DESCRIPTION OF TRANSACTION WITH THE SELLING STOCKHOLDER
Collaboration and License Agreement
On June 8, 2018, our wholly owned subsidiary Translate Bio MA, Inc., or Translate Bio MA, entered into a collaboration and license agreement, or the Sanofi Agreement, with Sanofi Pasteur Inc., or Sanofi Pasteur, an affiliate of the selling stockholder. On March 26, 2020, Translate Bio MA and Sanofi Pasteur entered into a first amendment to collaboration and license agreement, or the First Amendment. On June 22, 2020, Translate Bio MA and Sanofi Pasteur entered into a second amendment to collaboration and license agreement, or the Second Amendment, which became effective on July 20, 2020 following early termination of the waiting period under the Hart-Scott-Rodino Antitrust Improvements Act of 1976 by the Federal Trade Commission. We refer to the Sanofi Agreement, as amended by the First Amendment and the Second Amendment, as the Amended Sanofi Agreement. Pursuant to the Amended Sanofi Agreement, we and Sanofi Pasteur have agreed to develop a messenger RNA, or mRNA, vaccine platform and mRNA vaccines for up to seven infectious disease pathogens under a collaboration that has a term expiring in June 2022. We have granted to Sanofi Pasteur exclusive, worldwide licenses under applicable patents, patent applications, know-how and materials, including those arising under the collaboration, to develop, commercialize and manufacture mRNA vaccines to prevent, treat or cure diseases, disorders or conditions in humans caused by any infectious disease pathogens, with certain specified exceptions. We received an upfront payment of $45.0 million upon entering into the Sanofi Agreement in June 2018 and an additional upfront payment of $300.0 million after the effective date of the Second Amendment. Sanofi Pasteur has an option to extend the term of the collaboration, or the Collaboration Term, for one additional year. If Sanofi Pasteur chooses to exercise its option to extend the Collaboration Term for an additional year, Sanofi Pasteur has agreed to pay us an additional $75.0 million. The Amended Sanofi Agreement provides that we are eligible to receive aggregate potential payments of up to $1,940.0 million upon the achievement of additional specified development, regulatory, manufacturing and commercialization milestones.
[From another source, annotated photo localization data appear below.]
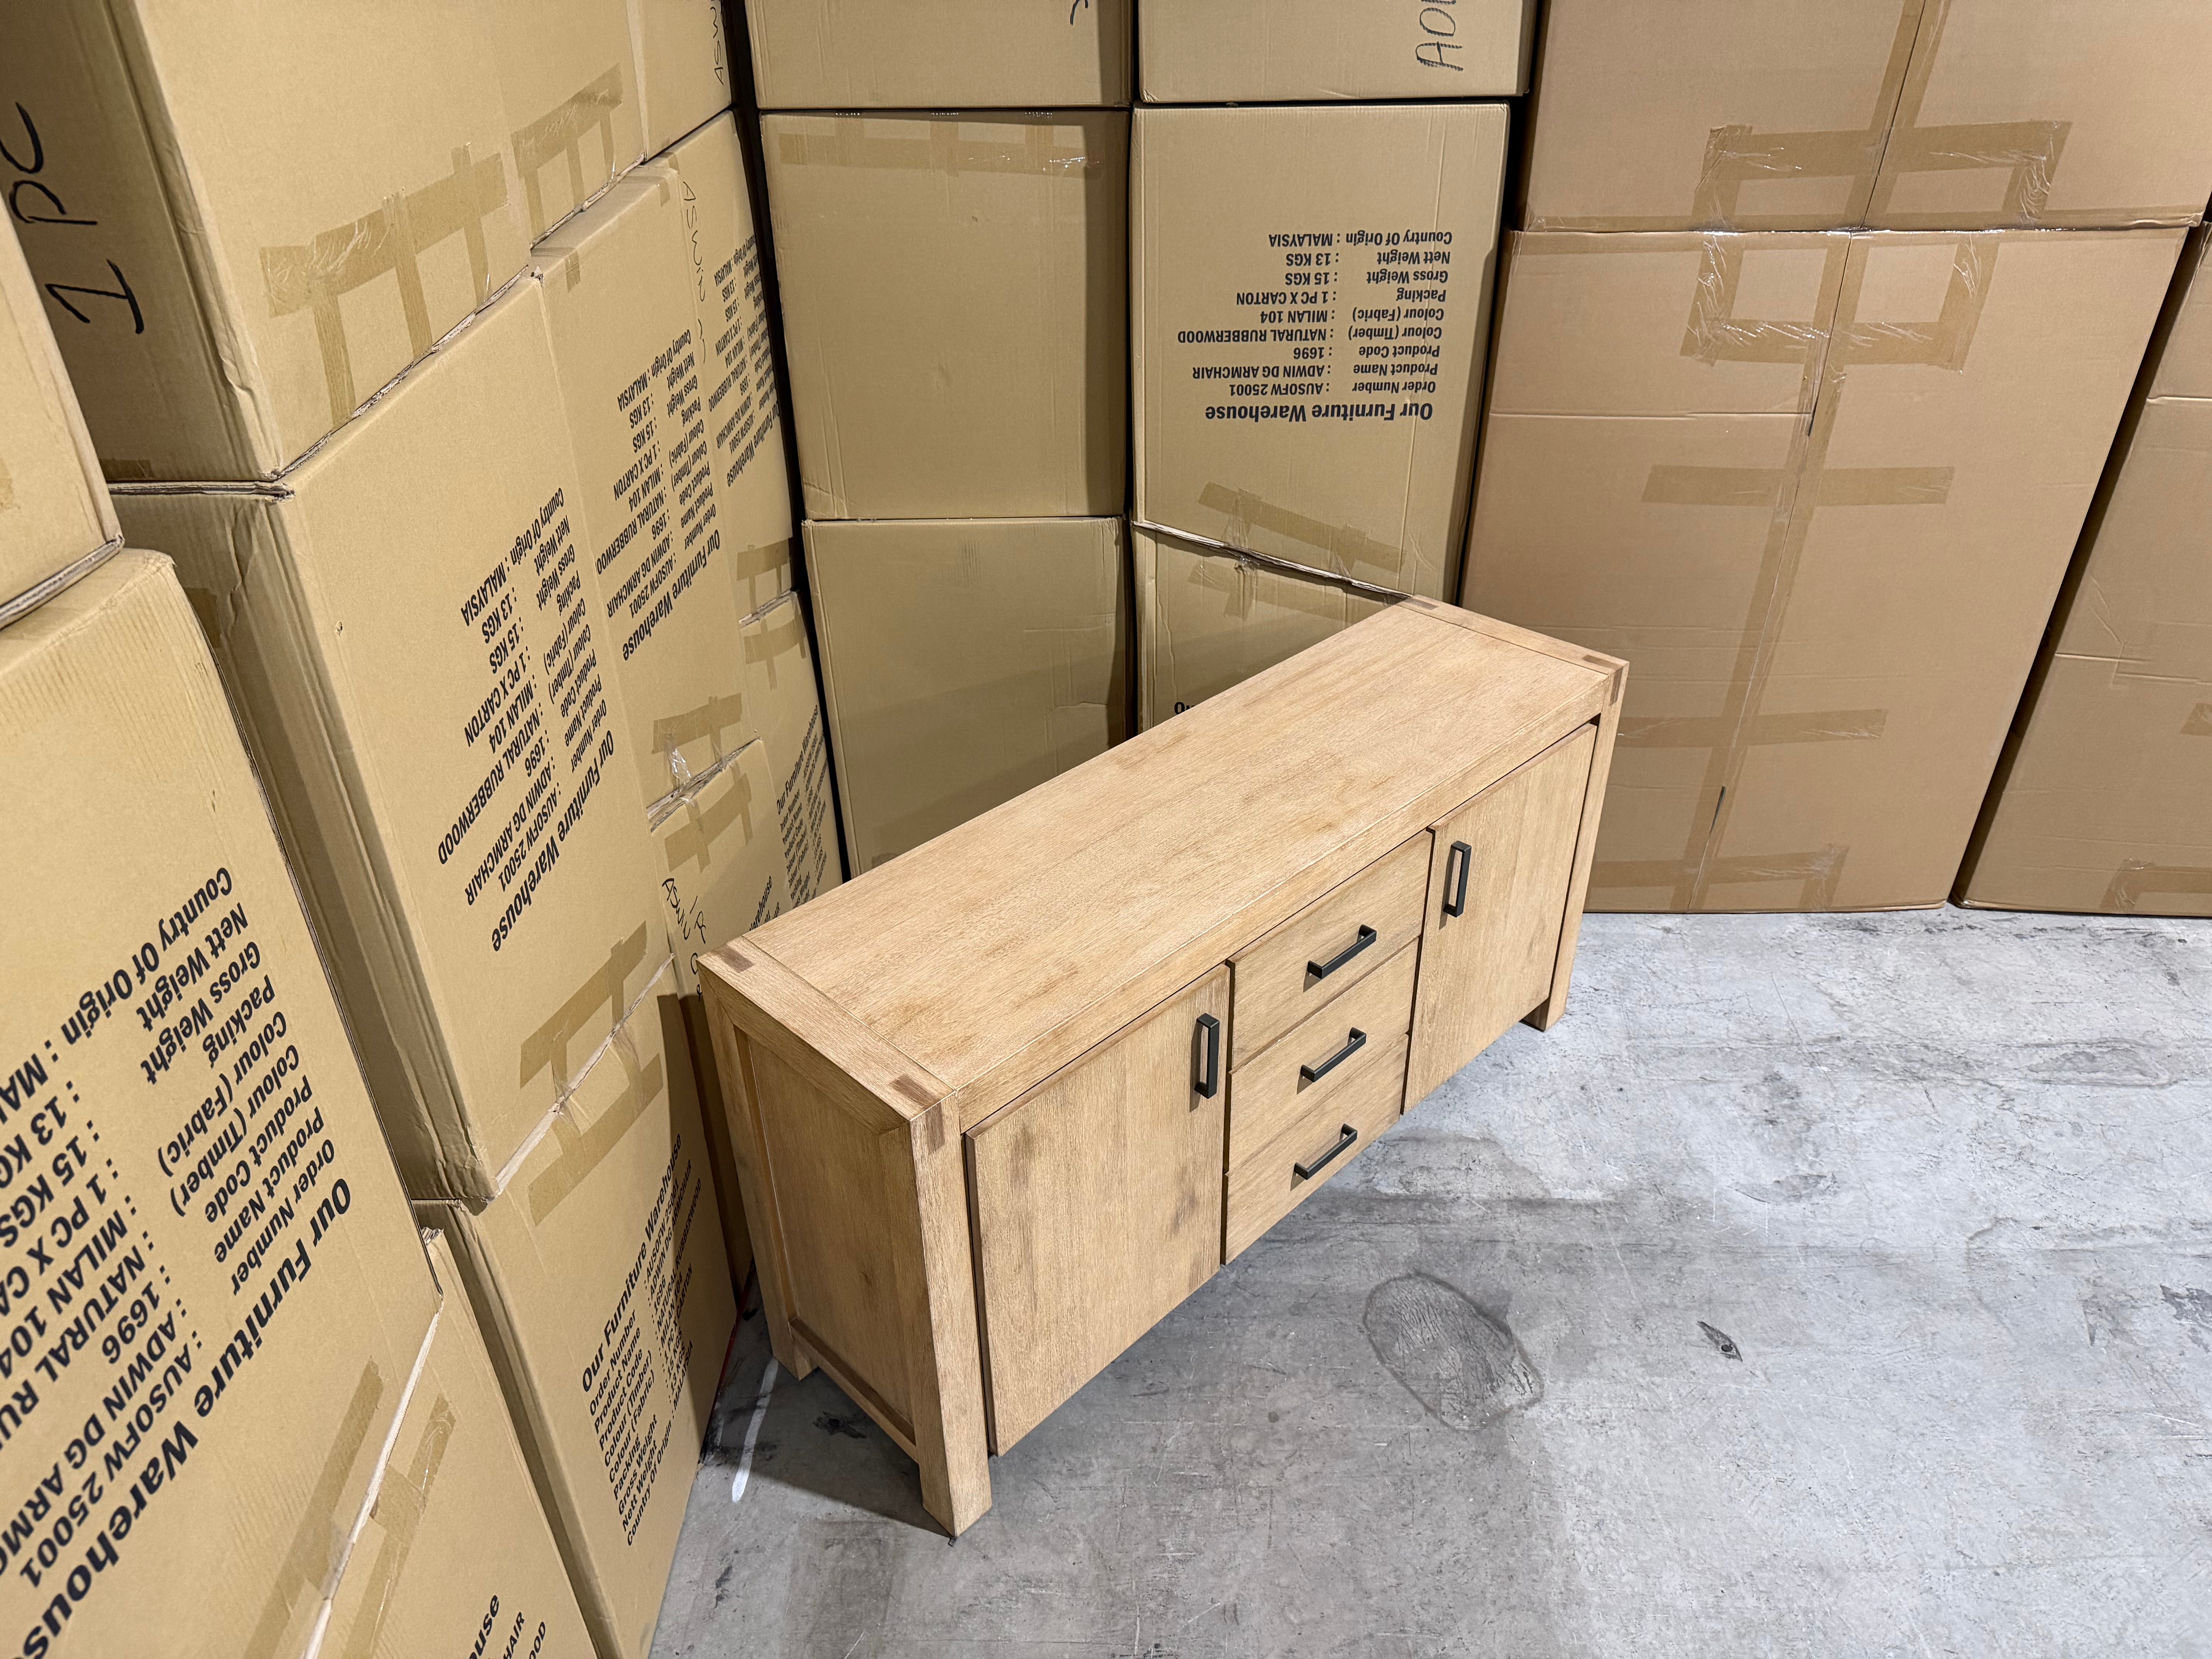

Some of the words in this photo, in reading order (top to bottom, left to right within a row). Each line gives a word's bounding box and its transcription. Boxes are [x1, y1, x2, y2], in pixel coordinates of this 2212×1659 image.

[1415, 0, 1463, 71] AD
[1269, 234, 1333, 247] MALAYSIA
[1346, 230, 1382, 246] Origin
[1385, 232, 1400, 246] Of
[1403, 229, 1452, 245] Country
[1286, 253, 1312, 266] KGS
[1316, 253, 1331, 266] 13
[1377, 249, 1420, 265] Weight
[1423, 251, 1450, 264] Nett
[1285, 273, 1310, 285] KGS
[1314, 272, 1329, 285] 15
[1367, 268, 1409, 284] Weight
[1396, 287, 1446, 302] Packing
[1413, 271, 1448, 283] Gross
[1237, 292, 1286, 305] CARTON
[1290, 292, 1298, 304] X
[1301, 292, 1317, 304] PC
[1322, 291, 1328, 304] 1
[1352, 306, 1401, 322] (Fabric)
[1403, 309, 1444, 321] Colour
[1260, 311, 1283, 323] 104
[1288, 310, 1328, 323] MILAN
[1348, 325, 1399, 340] (Timber)
[1401, 327, 1442, 339] Colour
[672, 329, 691, 356] Country
[1178, 330, 1267, 343] RUBBERWOOD
[1270, 329, 1326, 342] NATURAL
[1293, 347, 1324, 359] 1696
[1359, 346, 1389, 358] Code
[1392, 345, 1440, 357] Product
[651, 353, 667, 378] Origin
[666, 347, 673, 367] Of
[1193, 366, 1259, 379] ARMCHAIR
[1262, 366, 1279, 378] DG
[1283, 365, 1324, 378] ADWIN
[1353, 364, 1388, 376] Name
[1390, 364, 1438, 375] Product
[617, 371, 648, 412] MALAYSIA
[1229, 384, 1268, 396] 25001
[1271, 383, 1323, 395] AUSOFW
[1352, 382, 1400, 394] Number
[1402, 381, 1436, 393] Order
[1205, 405, 1306, 422] Warehouse
[1312, 404, 1395, 421] Furniture
[1400, 403, 1432, 420] Our
[689, 419, 704, 444] Colour
[669, 433, 689, 469] (Fabric)
[629, 487, 641, 512] 104
[641, 467, 661, 499] MILAN
[694, 482, 713, 514] Product
[539, 487, 564, 529] Country
[680, 504, 695, 529] Name
[510, 529, 533, 565] Origin
[532, 519, 541, 545] Of
[651, 533, 670, 568] ADWIN
[707, 529, 720, 557] Our
[558, 544, 575, 576] Gross
[641, 556, 651, 578] DG
[672, 545, 707, 599] Furniture
[460, 562, 507, 627] MALAYSIA
[536, 568, 560, 611] Weight
[556, 570, 581, 617] Packing
[606, 567, 641, 618] ARMCHAIR
[507, 623, 520, 652] 15
[573, 624, 591, 662] Colour
[622, 591, 673, 661] Warehouse
[489, 637, 509, 674] KGS
[519, 652, 526, 673] 1
[499, 675, 509, 700] X
[507, 660, 520, 690] PC
[548, 649, 574, 705] (Timber)
[580, 673, 602, 721] Product
[464, 687, 501, 747] CARTON
[565, 710, 582, 747] Name
[591, 699, 607, 733] Order
[502, 708, 540, 770] NATURAL
[571, 725, 593, 773] Number
[598, 730, 614, 769] Our
[525, 761, 551, 814] ADWIN
[785, 750, 804, 797] Furniture
[438, 759, 505, 865] RUBBERWOOD
[512, 802, 527, 832] DG
[557, 757, 600, 842] Furniture
[526, 787, 557, 852] AUSOFW
[464, 821, 513, 906] ARMCHAIR
[498, 838, 526, 892] 25001
[158, 867, 232, 951] Country
[492, 835, 560, 951] Warehouse
[205, 902, 248, 959] Nett
[132, 942, 159, 985] Of
[210, 941, 260, 1003] Gross
[61, 969, 133, 1045] Origin
[136, 947, 210, 1032] Weight
[203, 974, 275, 1068] Packing
[140, 998, 214, 1085] Weight
[234, 1012, 287, 1085] Colour
[247, 1045, 299, 1119] Colour
[31, 1096, 67, 1145] 13
[158, 1073, 233, 1177] (Fabric)
[248, 1075, 313, 1167] Product
[0, 1134, 33, 1188] KG
[52, 1136, 87, 1187] 15
[170, 1108, 247, 1217] (Timber)
[262, 1106, 324, 1199] Product
[86, 1174, 106, 1205] 1
[293, 1139, 334, 1204] Order
[205, 1160, 251, 1223] Code
[0, 1174, 54, 1247] KGS
[51, 1195, 90, 1248] PC
[215, 1189, 266, 1263] Name
[310, 1178, 350, 1247] Our
[26, 1236, 54, 1276] X
[46, 1210, 127, 1315] MILAN
[231, 1197, 295, 1296] Number
[582, 1342, 604, 1393] Our
[604, 1242, 647, 1348] Furniture
[645, 1133, 681, 1242] Warehouse
[34, 1245, 145, 1382] NATURAL
[590, 1368, 610, 1416] Order
[610, 1309, 635, 1372] Number
[646, 1217, 666, 1284] AUSOFW
[665, 1177, 679, 1224] 25001
[102, 1281, 160, 1364] 1696
[194, 1238, 311, 1417] Furniture
[605, 1413, 627, 1467] Colour
[627, 1350, 652, 1417] (Timber)
[657, 1268, 677, 1333] NATURAL
[675, 1178, 701, 1271] RUBBERWOOD
[103, 1311, 176, 1421] ADWIN
[599, 1386, 627, 1452] Product
[626, 1348, 642, 1388] Code
[654, 1274, 666, 1316] 1696
[104, 1343, 191, 1482] AUSOFW
[64, 1413, 105, 1469] DG
[20, 1471, 103, 1587] 25001
[23, 1420, 198, 1659] Warehous
Securities Purchase Agreement
In connection with the Amended Sanofi Agreement, on June 22, 2020, we entered into a securities purchase agreement, or the Purchase Agreement, with the selling stockholder for the sale and issuance of 4,884,434 shares of our common stock at a price per share of $25.59. The closing of the issuance and sale of these securities, or the Closing, was consummated on July 20, 2020. We received gross proceeds of approximately $125.0 million from the sale of these securities, before deducting offering expenses.
Pursuant to the terms of the Purchase Agreement, the selling stockholder will not, without our prior written approval and subject to specified conditions, directly or indirectly acquire shares of our outstanding common stock, make a tender, exchange, or other offer to acquire shares of our outstanding common stock, solicit proxies or consents with respect to any matter, or undertake other specified actions related to the potential acquisition of additional equity interests in our company, which we refer to collectively as the Standstill Restrictions. Further, the selling stockholder will also not, and will cause its affiliates not to, sell or transfer the shares purchased in the Private Placement without our prior written approval, subject to specified conditions, which we refer to as the Lock-Up Restrictions.
The Standstill Restrictions terminate 12 months after the Closing. The Lock-Up Restrictions terminate 18 months from the Closing.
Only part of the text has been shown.